Изменить стиль страницы

Павел после разговора с Журавлевым выяснил: перцовки был получен только один ящик, продавщица успела продать из него семь бутылок, остальное утащил вор. Дневную выручку забрал, конфет несколько килограммов и тринадцать бутылок перцовки. Но далее этих арифметических изысканий — ничего.

Мотоцикл пролетел по деревянному мосточку у въезда в Косыревку и, несколько сбавляя пыл, пошел на взгорок. Перейдя на вторую скорость, Павел подрулил к крайнему дому, где узкогрудый старик в солдатском ватнике, в валенках и фуражке пограничника возился на огороде.

— Здорово, дедусь!

— Здорово, начальник, кхе-кхе… коли не шутишь.

— А чего мне шутить, дед? Некогда шутить! Ты меня знаешь?

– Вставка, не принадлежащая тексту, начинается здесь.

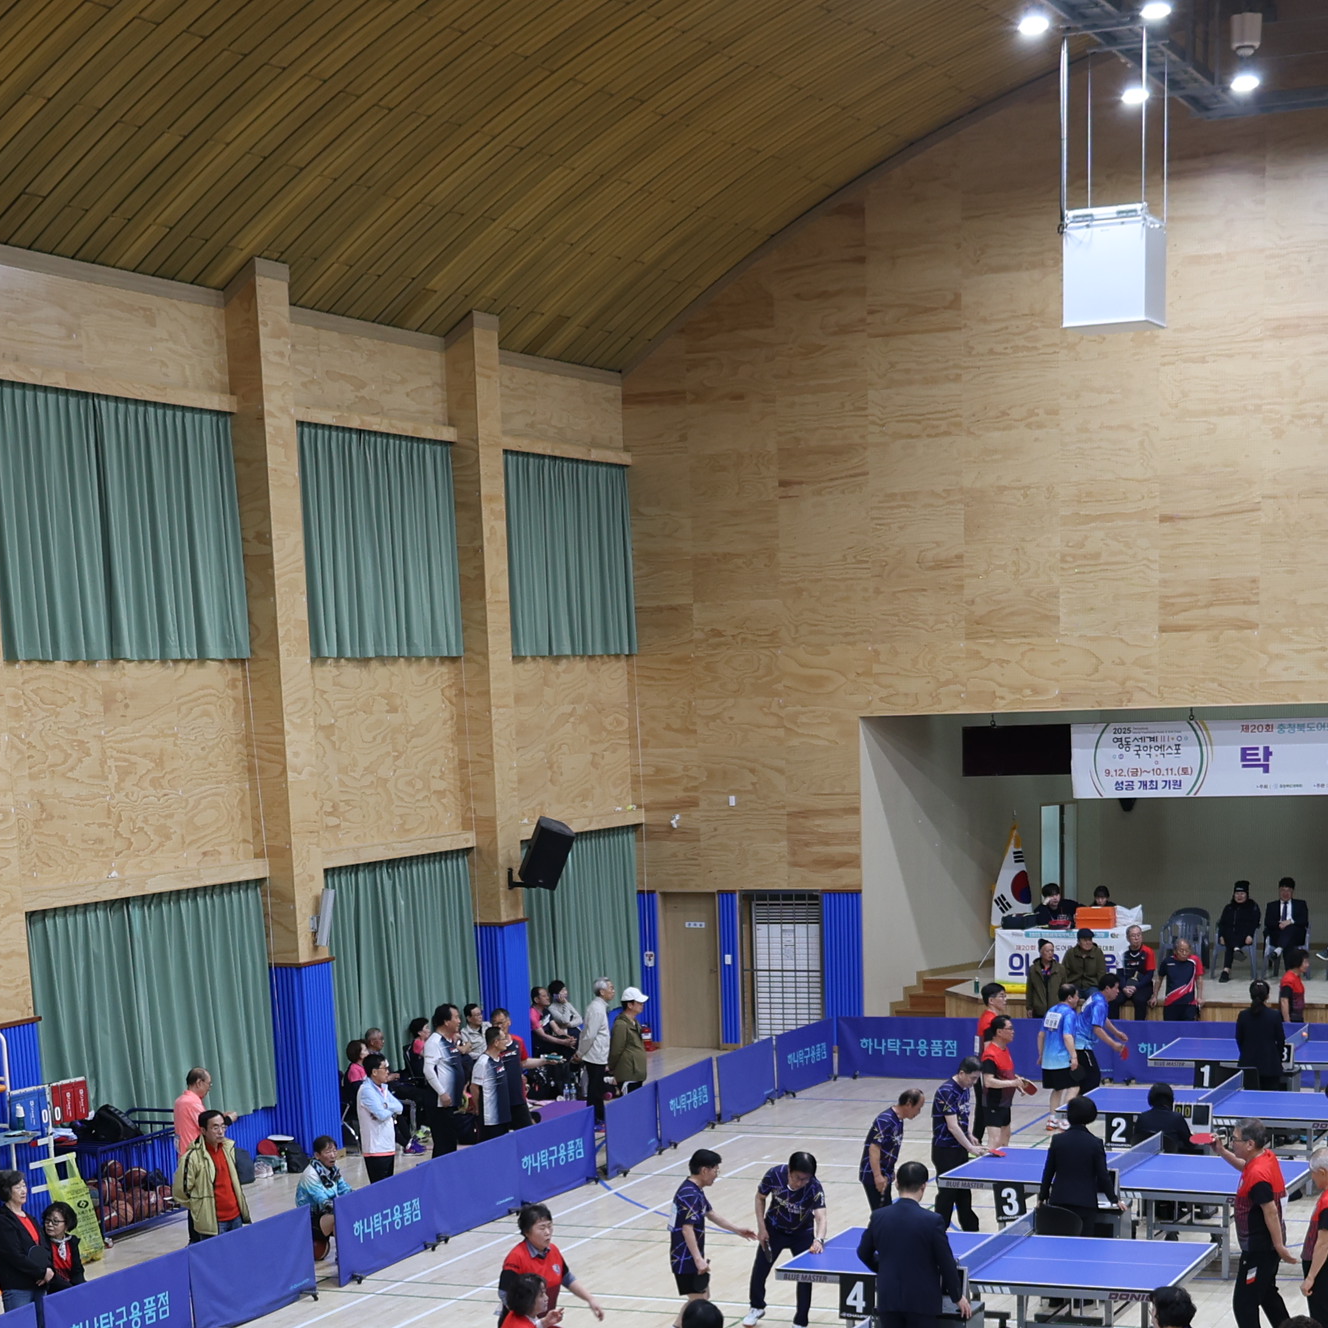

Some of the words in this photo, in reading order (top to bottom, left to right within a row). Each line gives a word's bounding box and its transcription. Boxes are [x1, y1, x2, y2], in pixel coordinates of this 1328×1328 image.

[1112, 726, 1132, 735] 2025
[1240, 723, 1274, 734] 제20회
[1239, 745, 1273, 774] 탁
[1114, 780, 1135, 791] 성공
[1138, 780, 1159, 791] 개최
[1161, 779, 1182, 790] 기원
[859, 1037, 958, 1058] 하나탁구용품점
[1199, 1064, 1211, 1087] 1
[668, 1084, 709, 1118] 하나탁구용품점
[1111, 1117, 1127, 1143] 2
[521, 1138, 585, 1176] 하나탁구용품점
[961, 1181, 984, 1189] MASTER
[1000, 1187, 1020, 1216] 3
[353, 1197, 422, 1243] 하나탁구용품점
[783, 1273, 800, 1281] BLUE
[801, 1274, 828, 1282] MASTER
[845, 1281, 866, 1313] 4
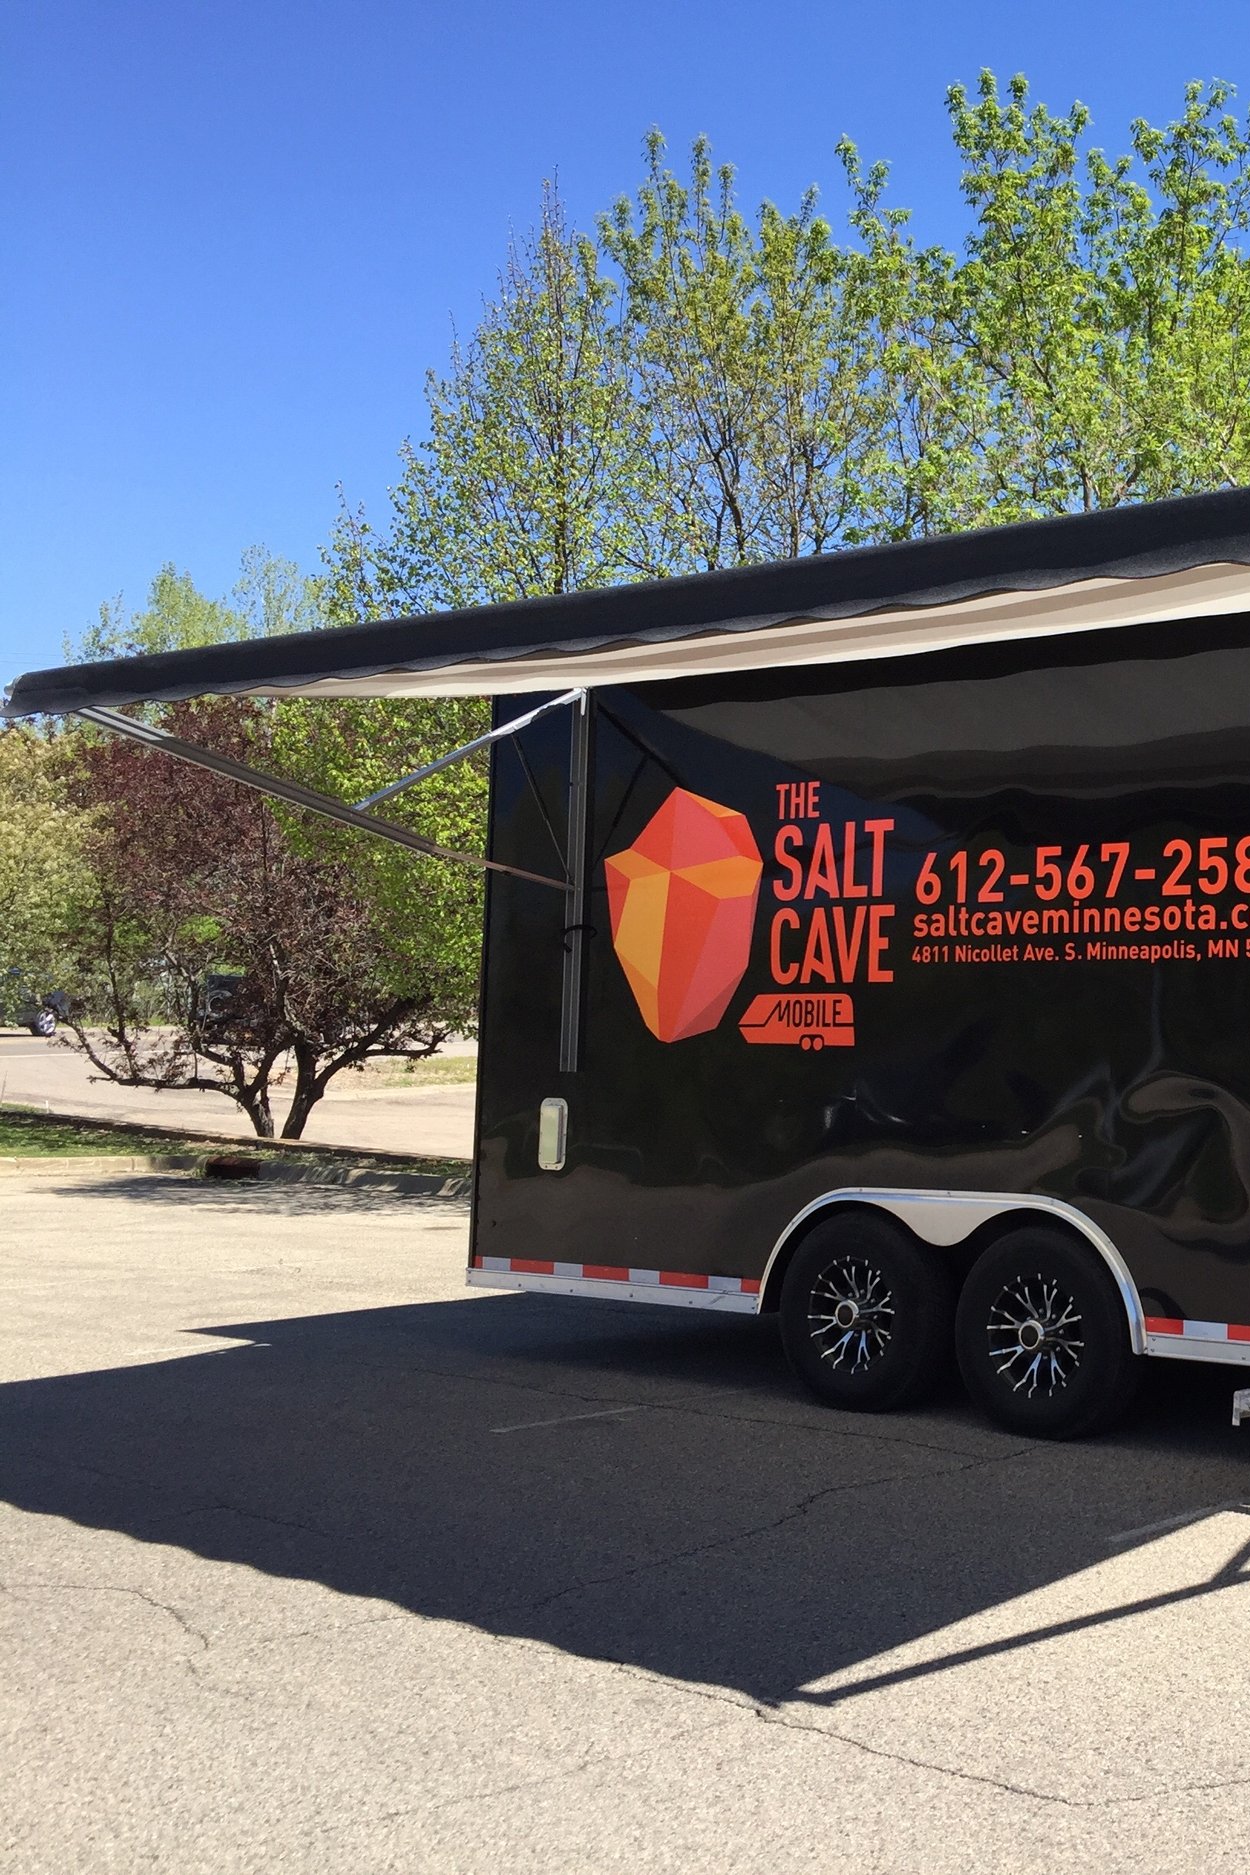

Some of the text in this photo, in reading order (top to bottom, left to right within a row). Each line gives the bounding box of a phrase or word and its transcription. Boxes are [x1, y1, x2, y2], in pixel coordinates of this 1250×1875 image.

[775, 781, 820, 819] THE
[773, 818, 896, 902] SALT
[770, 904, 896, 985] CAVE
[911, 945, 949, 963] 4811
[955, 943, 1019, 962] Nicollet
[1023, 943, 1060, 961] Ave.
[1064, 943, 1083, 961] S.
[1086, 939, 1202, 962] Minneapolis,
[1208, 939, 1240, 958] MN
[766, 999, 846, 1028] MOBILE

— Дак чего ж… из милиции ты. По делу небось.

— Где тут, дедусь, Матрена Рябцева живет? Поедем, покажешь.

— Ну дак что ж… это можно. Вон домишко-то ее под ясенем, пятый отсель лепится.

Домик Матрены Рябцевой в два окошечка и из бросового леса был срублен, видимо, давно. Отдельные бревна сруба уже подгнили, и он как бы ссутулился. Почерневшая от дождей и снеговых вод соломенная крыша в отдельных местах просела и кое-где проросла зеленой замшей мха. Дом доживал вместе с хозяйкой. На дворик из мелкого плитняка-камня ронял последние латунные перистые листья раскидистый ясень. Лежала изрубцованная шрамами колода для рубки дров.

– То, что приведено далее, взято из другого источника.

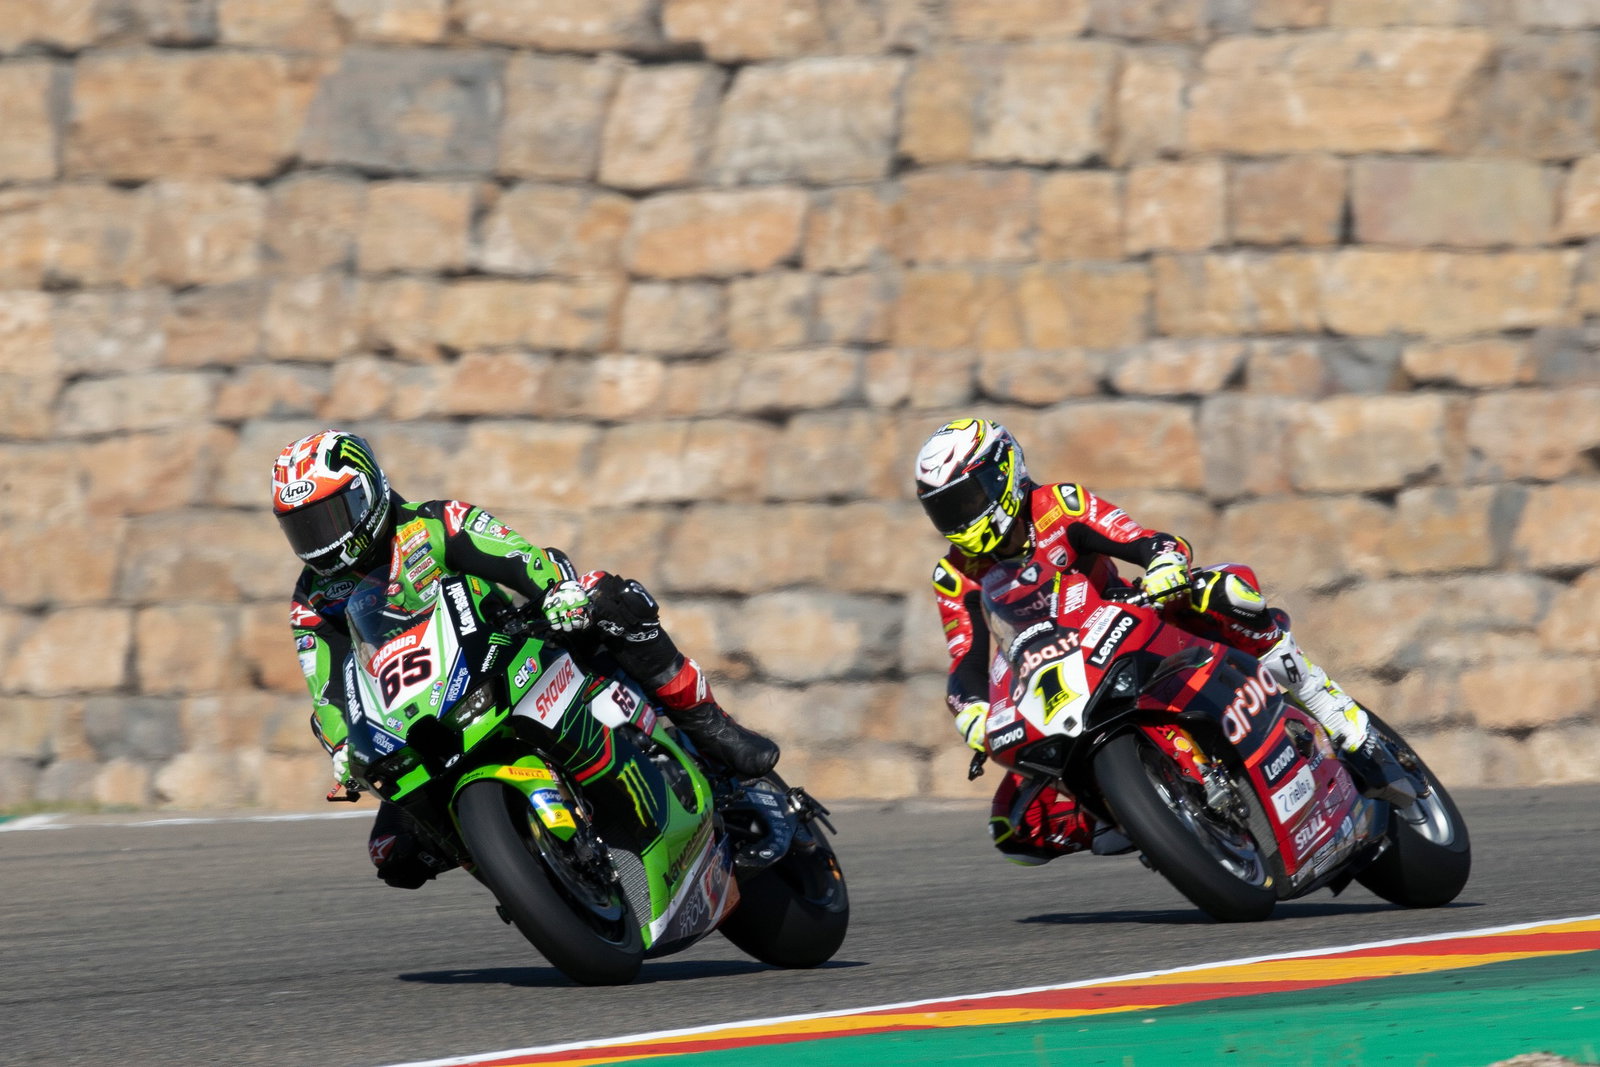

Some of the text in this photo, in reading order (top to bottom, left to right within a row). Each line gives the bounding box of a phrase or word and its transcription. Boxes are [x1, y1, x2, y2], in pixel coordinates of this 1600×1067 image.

[282, 481, 309, 500] Arai
[409, 557, 433, 580] SHOWA
[446, 582, 477, 636] Kawasaki
[372, 634, 417, 673] SHOWA
[481, 645, 498, 672] MONSTER
[1091, 616, 1133, 665] Lenovo
[345, 658, 362, 725] Kawasaki
[379, 648, 432, 709] 65
[514, 665, 531, 688] elf
[535, 659, 575, 720] SHOWA
[1033, 662, 1081, 725] 1
[990, 727, 1024, 751] Lenovo
[508, 767, 545, 778] PIRELLI
[1264, 744, 1295, 781] Lenovo

Услышав треск мотоцикла, из сеней вышла старуха, крупнорукая и глазастая, с продолговатым лицом оригинального рисунка. Было что-то в этом морщинистом лице степное, татарское, но смягченное мягкой плавностью славянского облика. Когда-то старуха была, должно быть, пригожа собой.

Рассмотрев форму на Федоркове, она смутилась, но затем оправилась. Ответила на приветствие с пожеланием здоровья:

— И вам того же желаю. У нас со Стратонычем какое уж теперь здоровье. Доживаем свое, как трухлявые пеньки… Зачем вам бабка-пенсионерка понадобилась? Может, хлеба печеного нам привезли? А то в нашу Косыревку неделями не завозят. Мельницы порушили, на городской хлебушко перешли — и круглые караваи, и батоны белые, которые с чаем хороши. Только подвозу нету.

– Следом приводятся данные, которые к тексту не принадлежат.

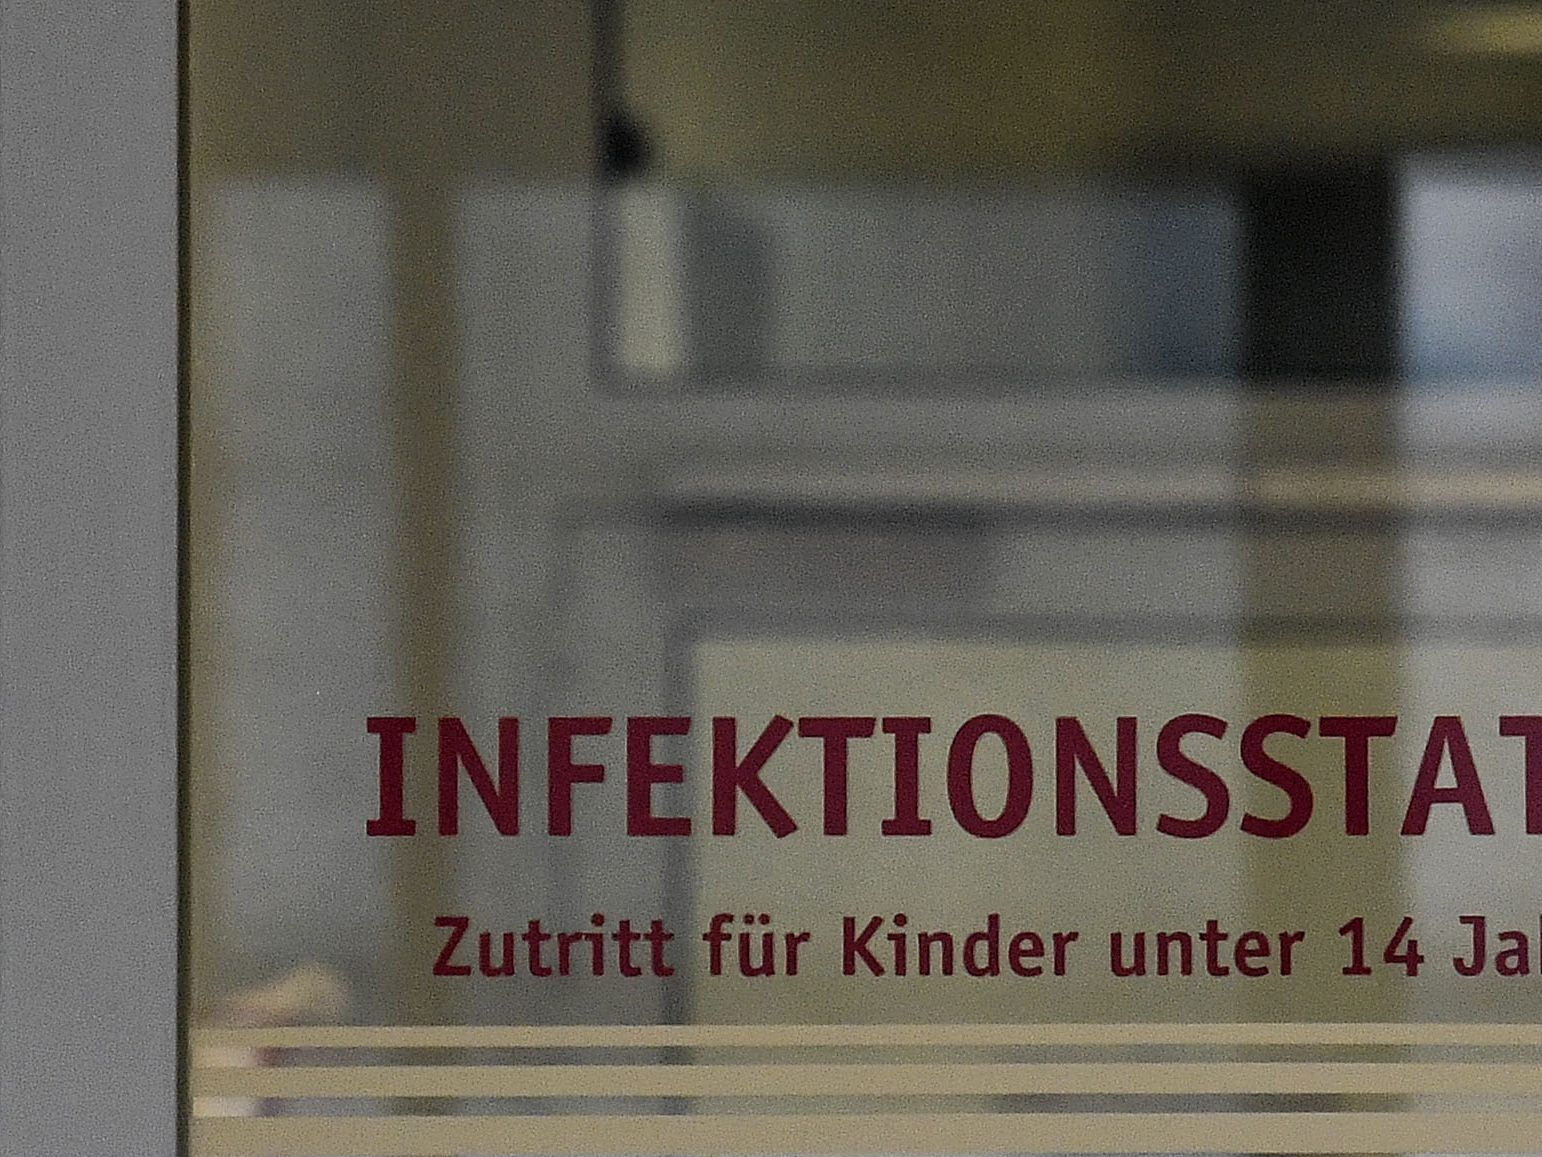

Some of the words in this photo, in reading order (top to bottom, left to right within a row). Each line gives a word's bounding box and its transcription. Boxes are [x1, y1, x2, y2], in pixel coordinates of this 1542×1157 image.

[433, 914, 674, 978] Zutritt
[703, 913, 811, 977] für
[843, 913, 1079, 977] Kinder
[1110, 919, 1305, 977] unter
[1340, 917, 1424, 976] 14

— Это точно, хороши батоны, — поддакнул появившийся дед. — Дело-то какое у тебя к нам?

— Видите ли, — приступил Федорков к исполнению намеченного плана, — я, как вы, наверное, догадались, участковый. Езжу вот по участку, знакомлюсь. Смотрю, чтоб чистоту соблюдали, чтоб пожара случаем не возникло. В общем, санитария должна быть везде. Понятно? А ты, дедусь, — повернулся он к Стратонычу, — сходил бы да какую-нибудь соседку пригласил.

— Какую?

— Любую, дедусь, любую. И сам потом не уходи, побудь со мной тут.

— Это, значит, зачем?

— А вот мы обследуем ваше хозяйство. И составим, дедусь, как настоящая комиссия, акт по санитарному состоянию. Так, мол, и так: «Мы, члены комиссии, проверили и установили, что хозяйство и двор Матрены Рябцевой в санитарном и противопожарном состоянии образцовые». А может, наоборот.

Дед внимательно слушал, соображал, что к чему, потом затрусил к соседнему дому. Старуха нахмурилась, о чем-то смутно догадываясь, но была в полной растерянности.

Когда вернулся Стратоныч и с ним шустрая, но тоже согбенная годами старушка, дед представил ее:

— Привел, значит, Евдокею Михайловну. Комиссию, Михайловна, будем составлять.

— Как ваша фамилия? — доставая блокнот, обратился Федорков к деду.

— Моя, значит, Михалев, — охотно пояснил дед. — Василь Стратоныч. А эта вот подруга Матренина — Евдокея Михайловна, стало быть, тоже Рябцева.

— Хорошо, — записал Федорков. — А теперь приступим к осмотру. Начнем с чуланчика.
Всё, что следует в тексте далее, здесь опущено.